First off, the obvious question … Is it prudent, necessary or progressive for a medical provider to seek publicity of this sort at what most would consider a sizable chunk of cash? Arguments could be made that such attempts at name recognition promote Jefferson as a top-class service provider, educational institution, and research facility.
Yet, I would think that’s a tough nut to crack since Jefferson is already a renown regional name. Once you get outside the Philadelphia region it’s hard to figure exactly what naming a railway station adds to the Jefferson brand. How many prospective medical students or established medical professionals would actually be swayed by a name on a subway marquee?
On another level, it’s difficult to ignore what equipment, expansion of service, or community involvement could be financed with that $4 million marquee grab.
Jefferson’s argument might be that all testing, diagnostic and treatment equipment is sufficiently updated and in top-level performance condition. Yet I would be willing to bet you can find a few areas of their network that might very well be begging for additional investment, updating, and manpower. From that point-of-view, buying a railway station would seem like an unnecessarily extravagant expense to anyone who consumes Jefferson medical services.
Which brings me to my real reason for making so much more out of a relatively small ball approach to the Naming Rights Game …

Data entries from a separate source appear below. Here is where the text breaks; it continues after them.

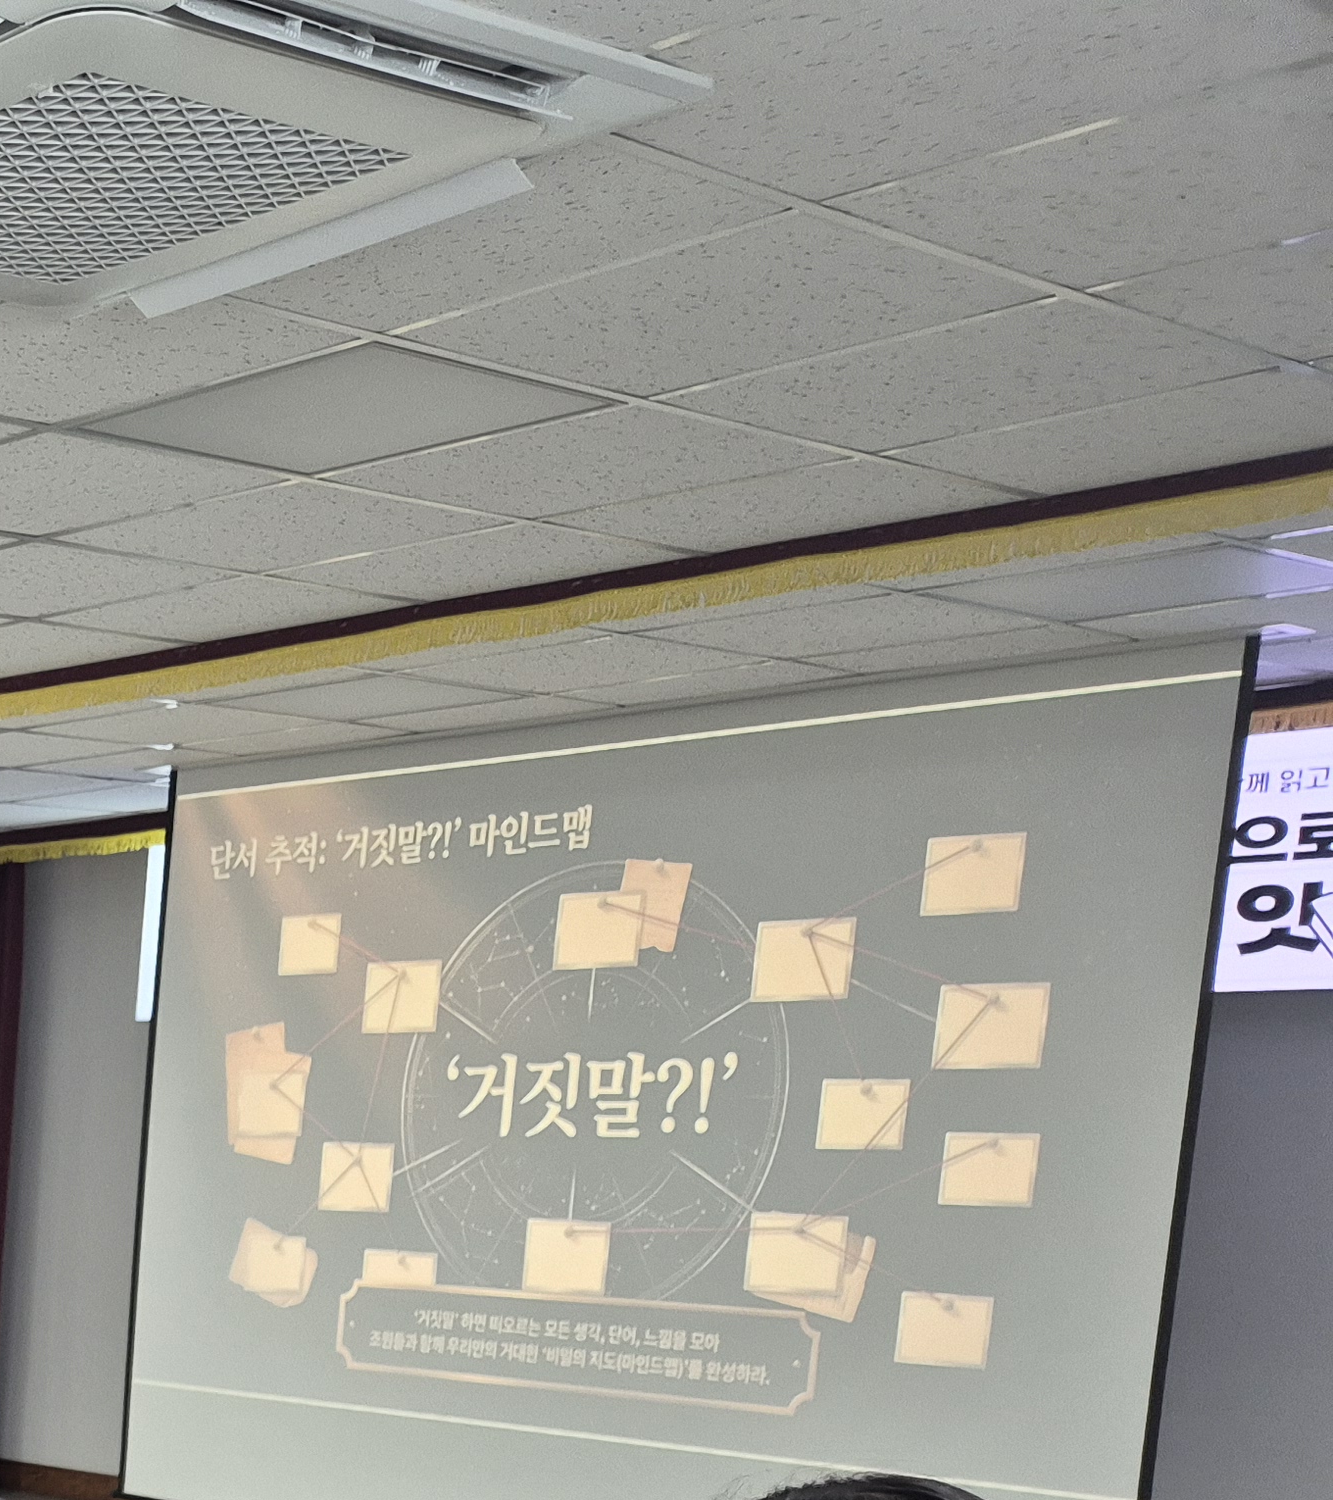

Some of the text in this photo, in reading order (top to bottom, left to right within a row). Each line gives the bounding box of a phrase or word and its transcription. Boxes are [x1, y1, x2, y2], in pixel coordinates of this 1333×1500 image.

[1279, 767, 1331, 793] 읽고
[210, 804, 593, 880] 단서 추적: ‘거짓말?!’ 마인드맵
[446, 1051, 739, 1138] ‘거짓말?!’
[420, 1333, 446, 1354] 함께
[447, 1337, 497, 1360] 우리만의
[461, 1312, 486, 1332] 하면
[544, 1318, 570, 1340] 모든
[573, 1321, 605, 1345] 생각,
[608, 1324, 640, 1348] 단어,
[644, 1328, 687, 1350] 느낌을
[689, 1332, 720, 1353] 모아
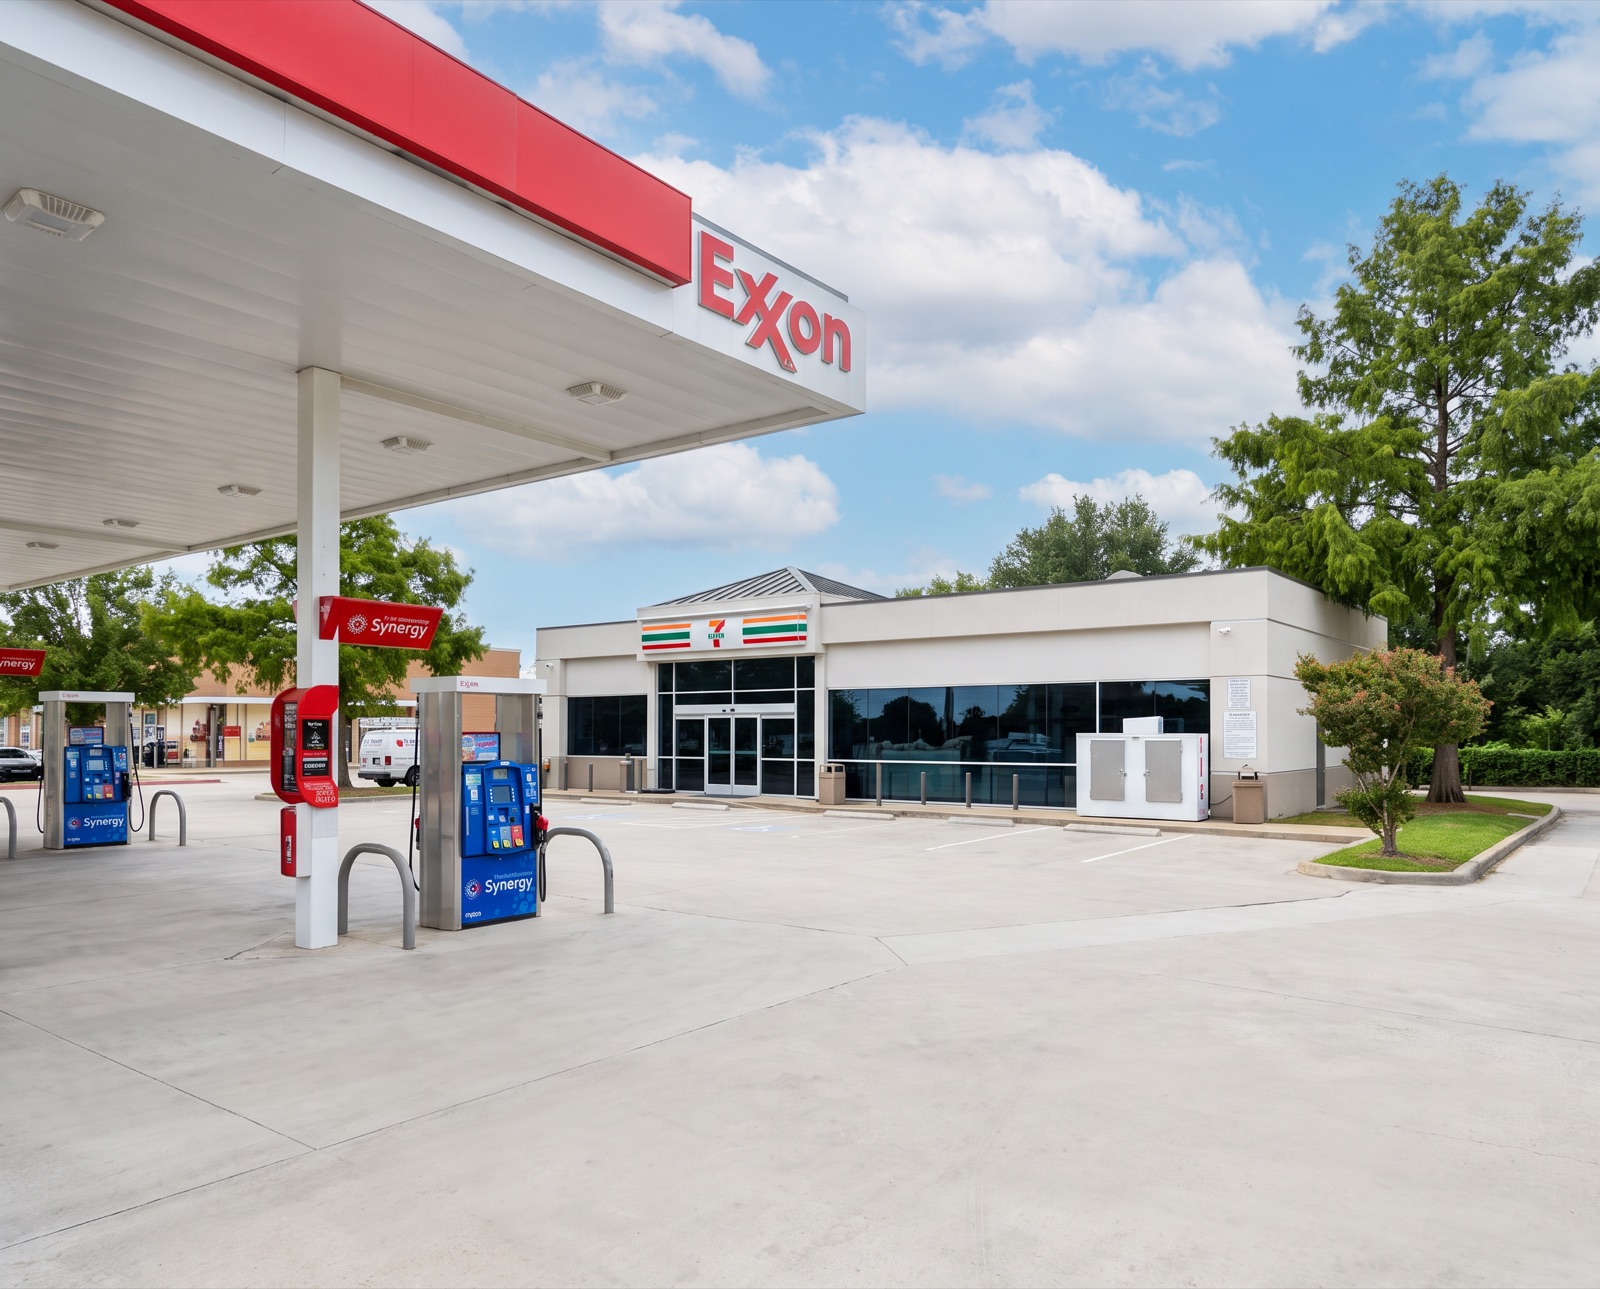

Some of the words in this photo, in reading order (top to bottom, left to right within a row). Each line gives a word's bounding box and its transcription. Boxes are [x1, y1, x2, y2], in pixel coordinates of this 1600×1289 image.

[698, 230, 851, 373] Exxon
[371, 618, 429, 639] Synergy
[708, 619, 726, 648] 7
[83, 817, 125, 828] Synergy
[485, 877, 533, 896] Synergy

Healthcare reform … REAL healthcare reform … The kind of healthcare reform we did not get in the Affordable Care Act. The kind of healthcare reform that would make a difference to those who consume and those who are forced to pay big premiums, big deductibles, and large shares of those Usual, Customary, and Reasonable costs.
My Big Aha Moment was in the realization that if the Jefferson Health System has $4 million to spend on a subway station, they certainly have a lot of other money available for a lot of other non-medical investments!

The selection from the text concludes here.